The 403-Forbidden did NOT occur with the Web Viewer distributed Tomcat. Research revealed the root of the problem was in CCSTomcat/CCS/tpv/tomcat/conf/Web.xml and the instructions RESTRICTing PUSH and POST. Commenting out the instructions and recycling the CCS Tomcat resolved the problem.

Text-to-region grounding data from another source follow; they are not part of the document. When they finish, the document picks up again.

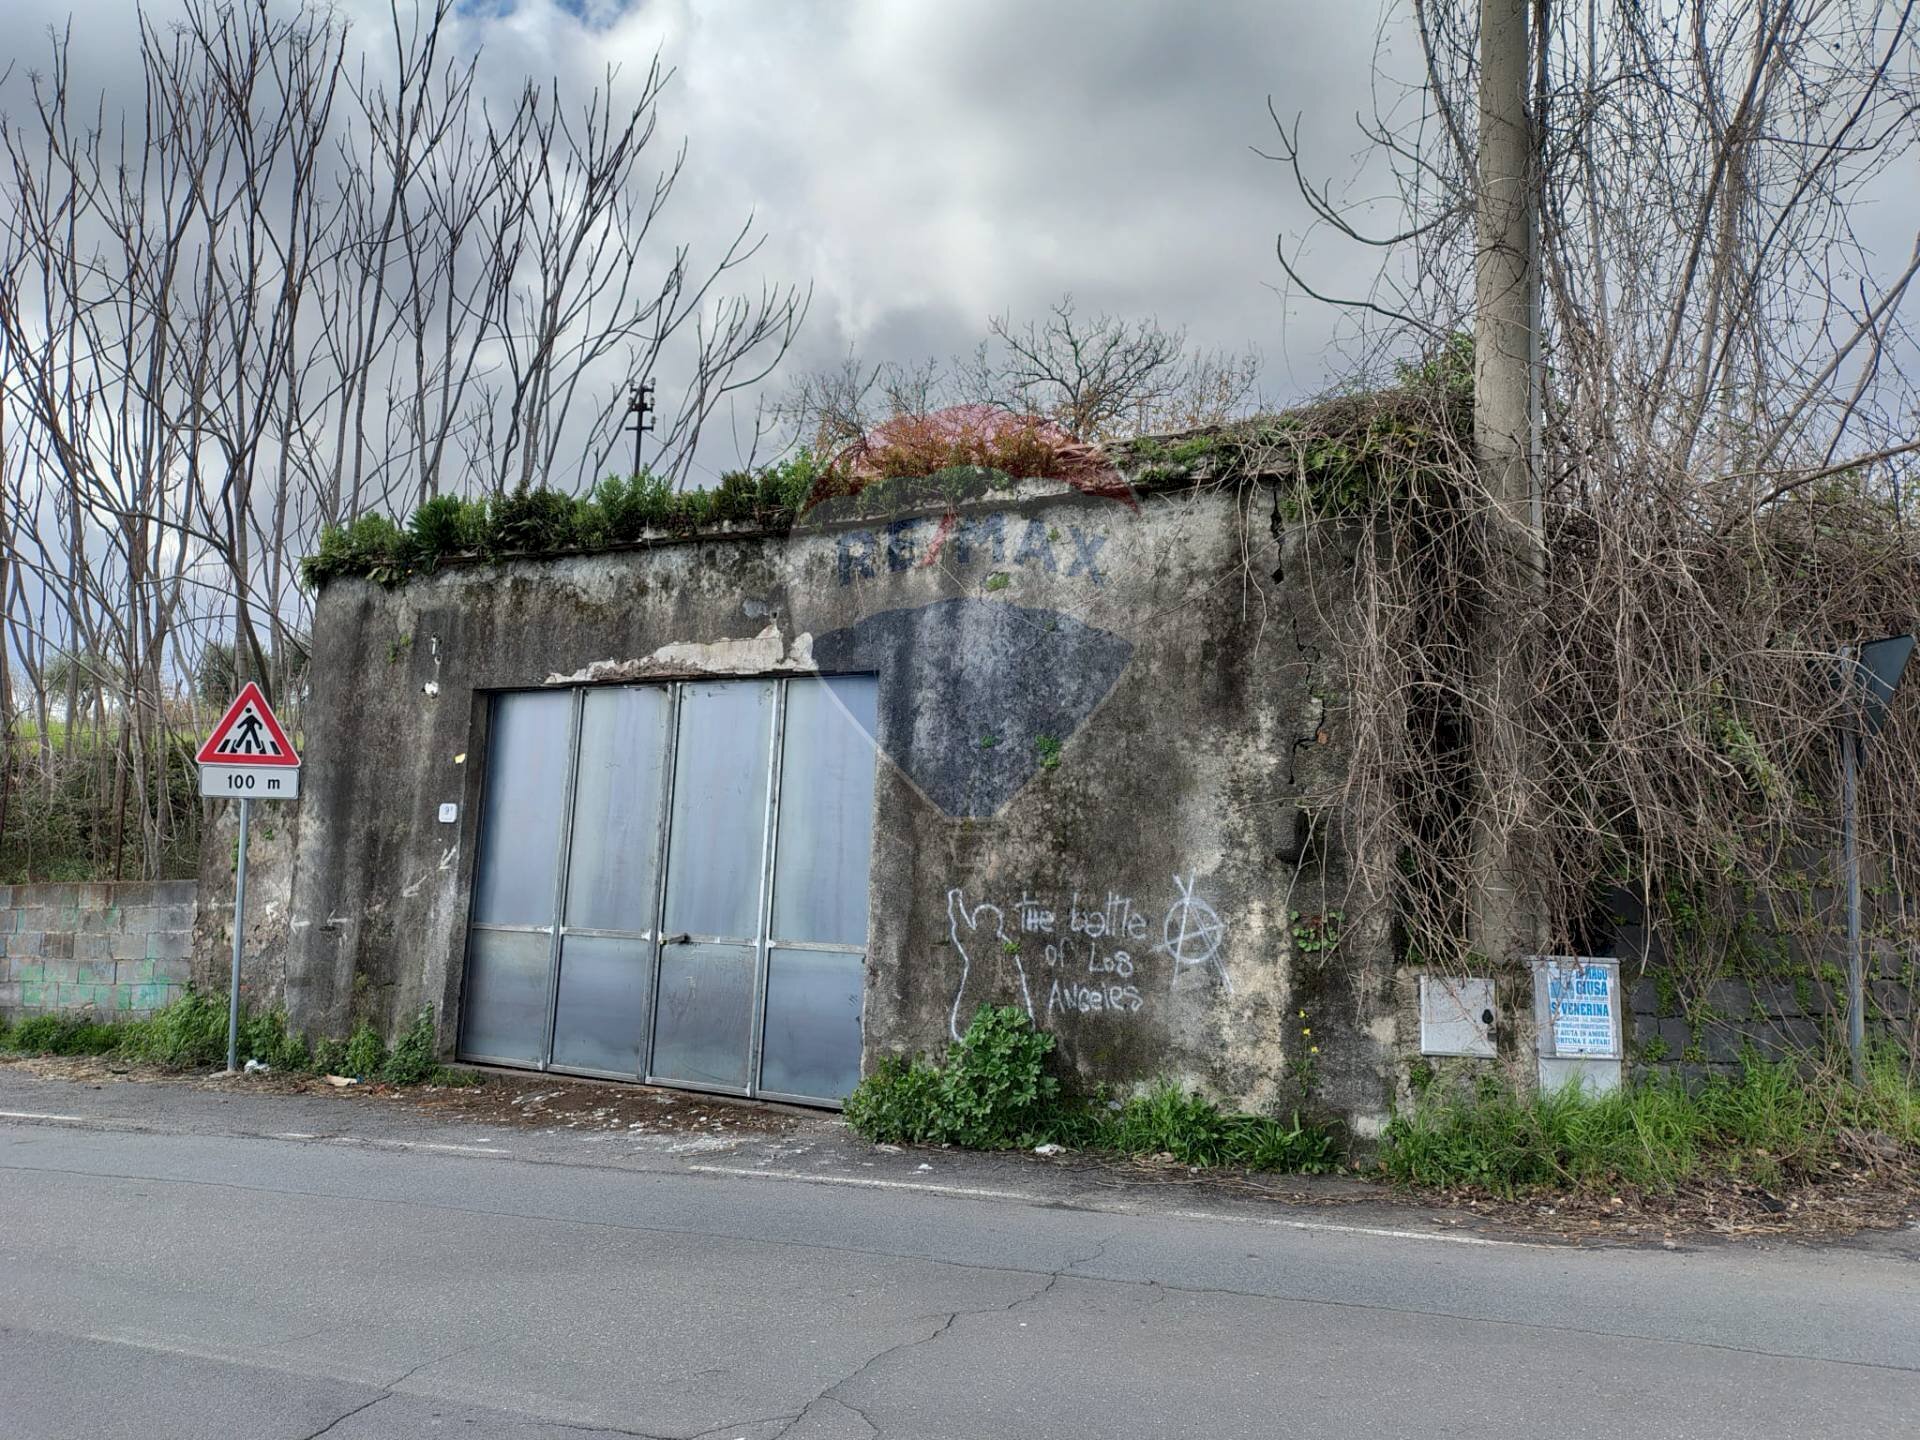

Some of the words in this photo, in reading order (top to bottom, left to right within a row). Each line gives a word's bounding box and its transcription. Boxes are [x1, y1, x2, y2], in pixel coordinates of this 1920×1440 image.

[228, 774, 255, 789] 100
[267, 779, 280, 789] m
[1576, 981, 1608, 996] GIUSA
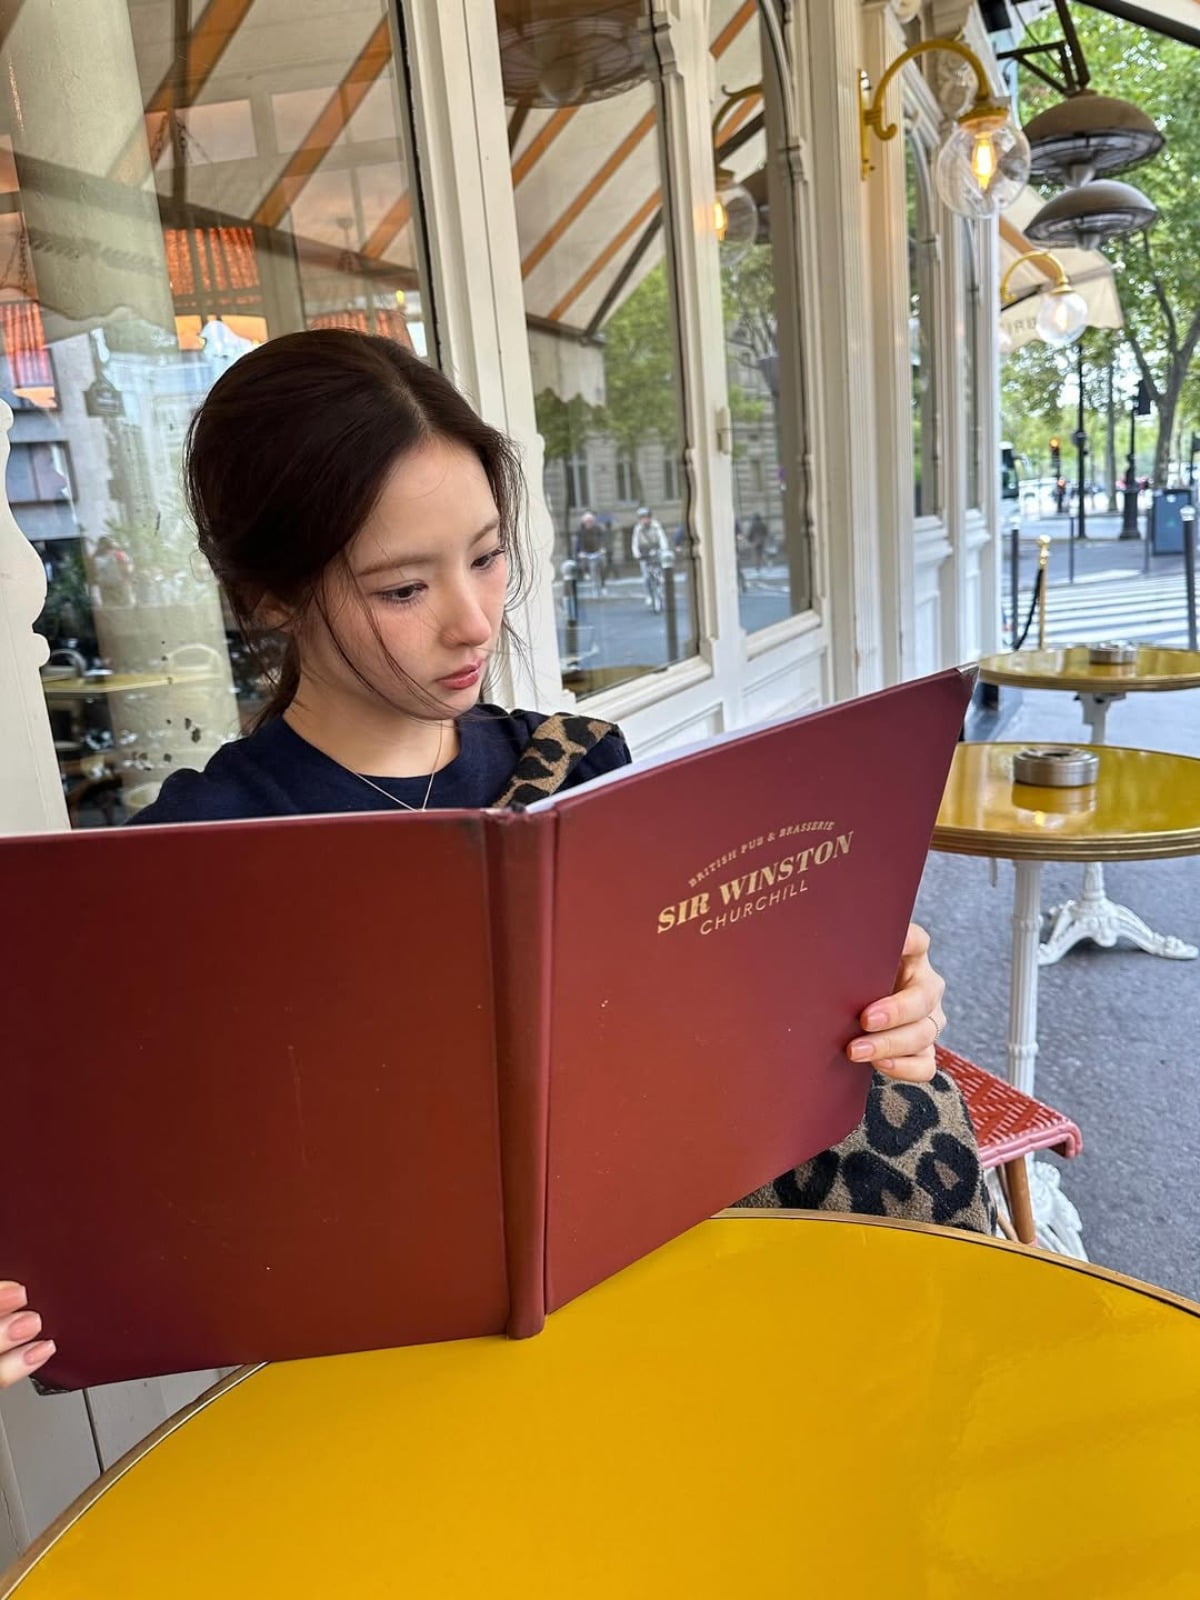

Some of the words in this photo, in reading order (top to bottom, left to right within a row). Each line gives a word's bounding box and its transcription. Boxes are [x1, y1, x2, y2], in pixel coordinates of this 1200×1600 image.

[657, 892, 711, 934] SIR
[719, 830, 855, 907] WINSTON
[688, 849, 737, 888] BRITISH
[741, 836, 764, 854] PUB
[767, 832, 776, 842] &
[779, 820, 836, 838] BRASSERIE
[699, 879, 809, 936] CHURCHILL
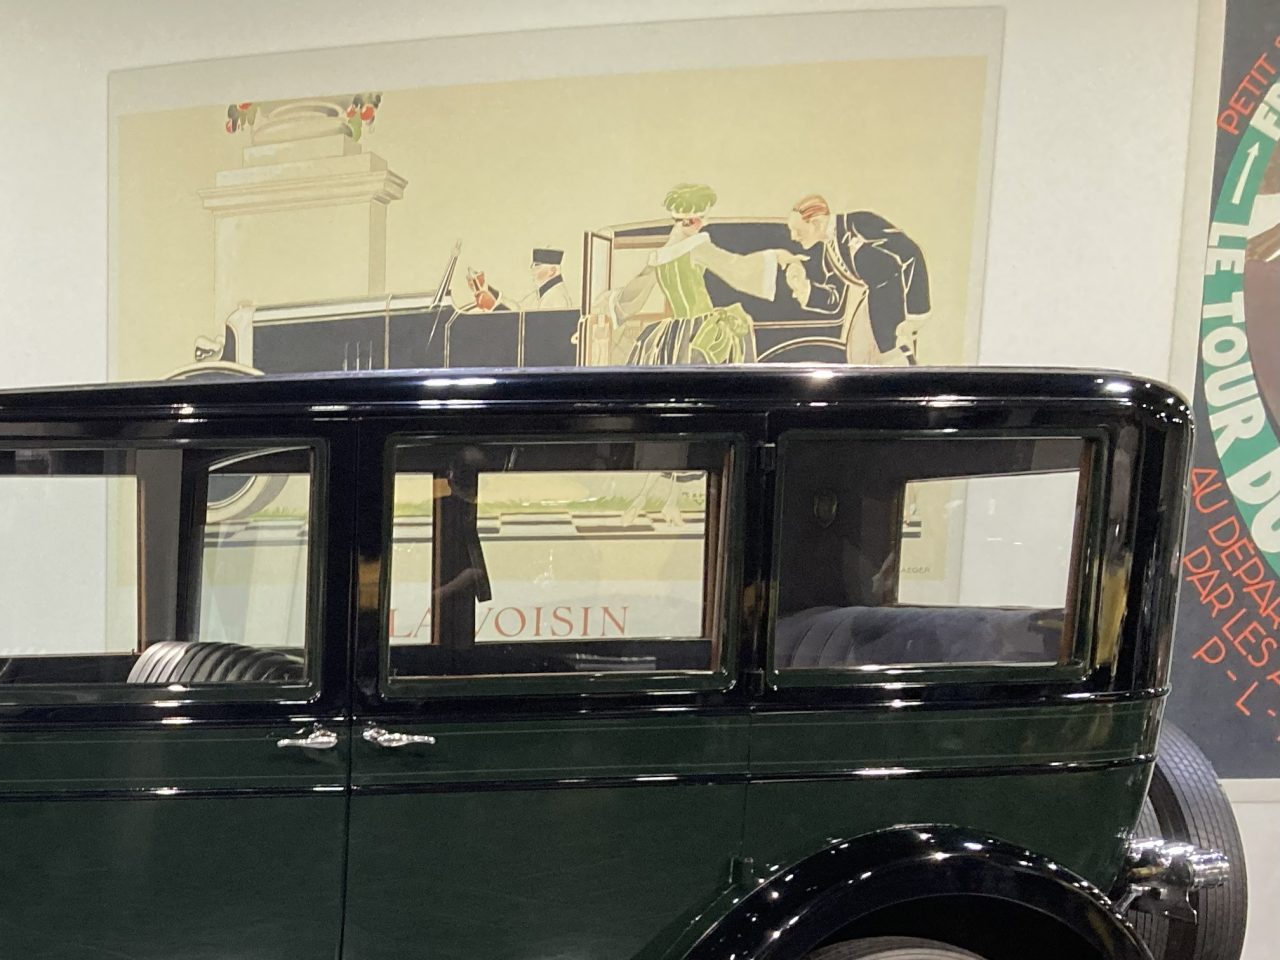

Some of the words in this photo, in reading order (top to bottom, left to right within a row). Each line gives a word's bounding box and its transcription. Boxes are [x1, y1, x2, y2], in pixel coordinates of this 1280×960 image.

9.0.14 - The HTTP methods below will be disabled by default
-->
<security-constraint>
<web-resource-collection>
<web-resource-name>
<strong>restricted methods</strong>
</web-resource-name>
<url-pattern>/*</url-pattern>
<http-method>DELETE</http-method>
<http-method>OPTIONS</http-method>
<http-method>PUT</http-method>
<!-- <http-method>POST</http-method> -->
<http-method>TRACE</http-method>
</web-resource-collection>
<auth-constraint/>
</security-constraint>
</web-app>

Additional Information

As of February 2020, there's no other release prior to CCS Apache Tomcat 9.0.14 that uses the <security-constraint> - meaning the web.xml from the Common Services distributed Tomcat 9.0.14 is the only one where the POST instruction near the bottom of the file needs to be commented out. 
...or you can install the Tomcat distributed with Web Viewer or from Web Viewer maintenance (see solution 108 TOMCAT 9.0.22(RESOLVES TOMCAT 8.5.32 VULNERABILITIES) :so09736).